Groen Brothers Aviation (GBA), the company undertaking the "Heliplane" programme, revealed the extent of its difficulties in a statement at the weekend.

DARPA's Heliplane concept

Possibly not getting off the ground after all.

GBA has effected a reduction in force that reduces its employee work force by two-thirds, and is reducing other expenditures as well. In the mean time, the Company is negotiating with investors for additional funding that if successful, will allow it to continue its technology development while it negotiates new contracts for its technology. Even though management remains optimistic, there is no guarantee that the negotiations for essential new funding will be successful.

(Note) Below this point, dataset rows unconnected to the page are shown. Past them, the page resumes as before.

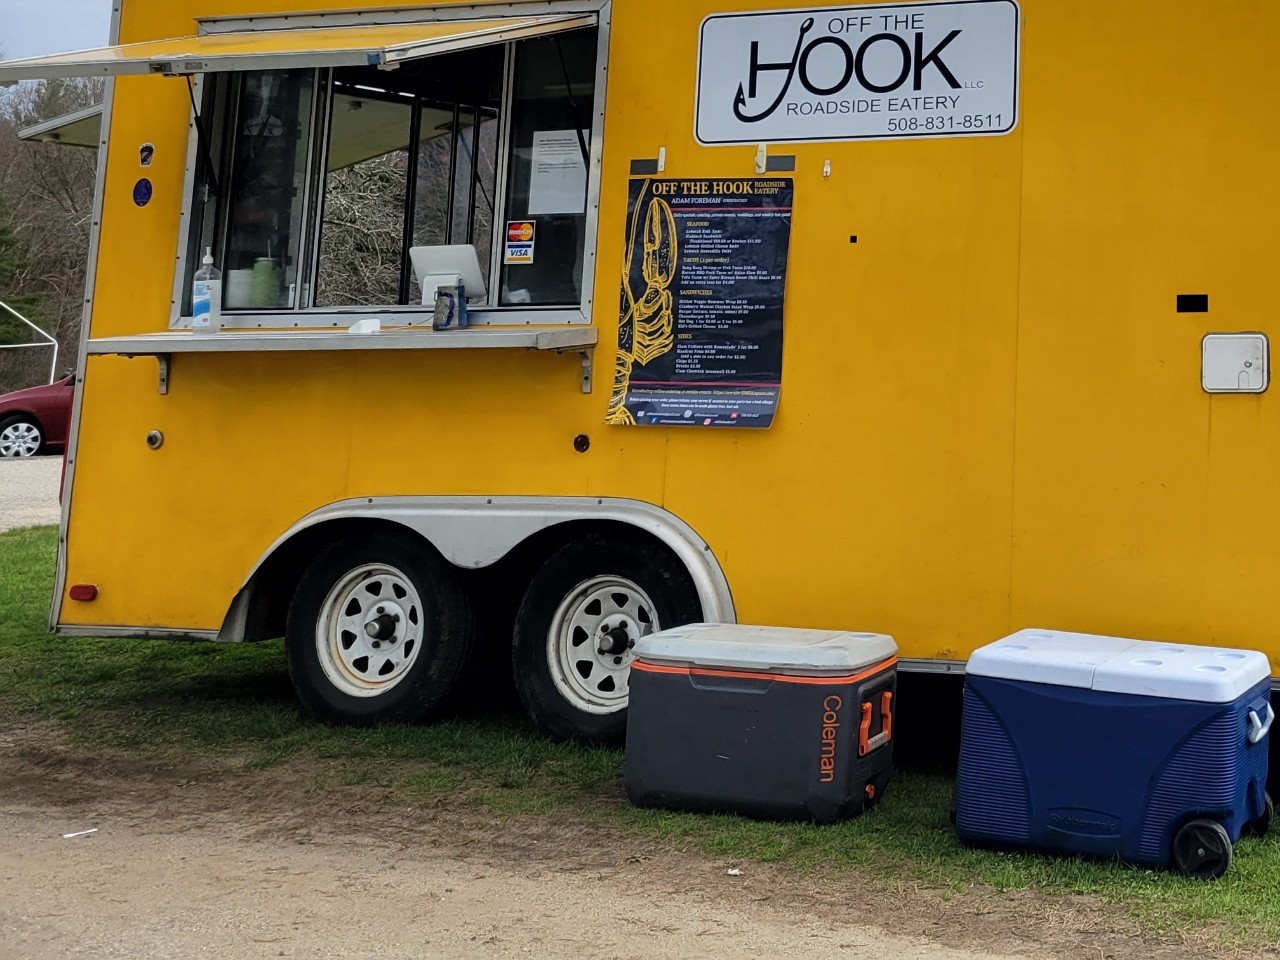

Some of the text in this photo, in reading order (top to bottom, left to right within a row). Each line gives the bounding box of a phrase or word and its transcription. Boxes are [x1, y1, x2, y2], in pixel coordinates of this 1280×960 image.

[828, 14, 924, 34] OFF THE
[733, 17, 984, 122] HOOK LLC
[786, 95, 961, 116] ROADSIDE EATERY
[888, 114, 1002, 132] 508-831-8511
[652, 182, 753, 195] OFF THE HOOK
[820, 694, 842, 784] Coleman

Blaming delays to the Heliplane programme, the bankruptcy of its airframe partner and the worldwide credit crunch, the Utah firm said it hoped to make lucrative overseas partnerships to sell its commercial gyroplane designs. For the past two years GBA has focused on the military Heliplane project, but this now appears to have been effectively halted.

GBA's Heliplane efforts have been funded by DARPA, the US war-boffinry bureau which aims to boost the global dominance of the American military machine by rendering much of it obsolete. Under Heliplane, DARPA sought to revive the idea of "gyrodyne" aircraft along the lines of the ill-fated Fairey Rotodyne, cancelled in 1962. An aircraft of this sort can take off and land vertically, using helicopter rotors spun by jets at the tips of the blades. In the air, the tip jets cut out and the plane is driven by ordinary jets or props with the rotors whirling unpowered. Stub wings take on more of the load as speed increases.

Only a couple of months ago, DARPA director Tony Tether said:

The Heliplane program will help us quickly reach areas that don’t have runways by developing a revolutionary air vehicle that can take-off, land, and hover vertically like a helicopter and cruise with the speed and efficiency of a fixed-wing aircraft. Heliplane offers a two- to three-fold improvement in forward flight characteristics over conventional helicopters.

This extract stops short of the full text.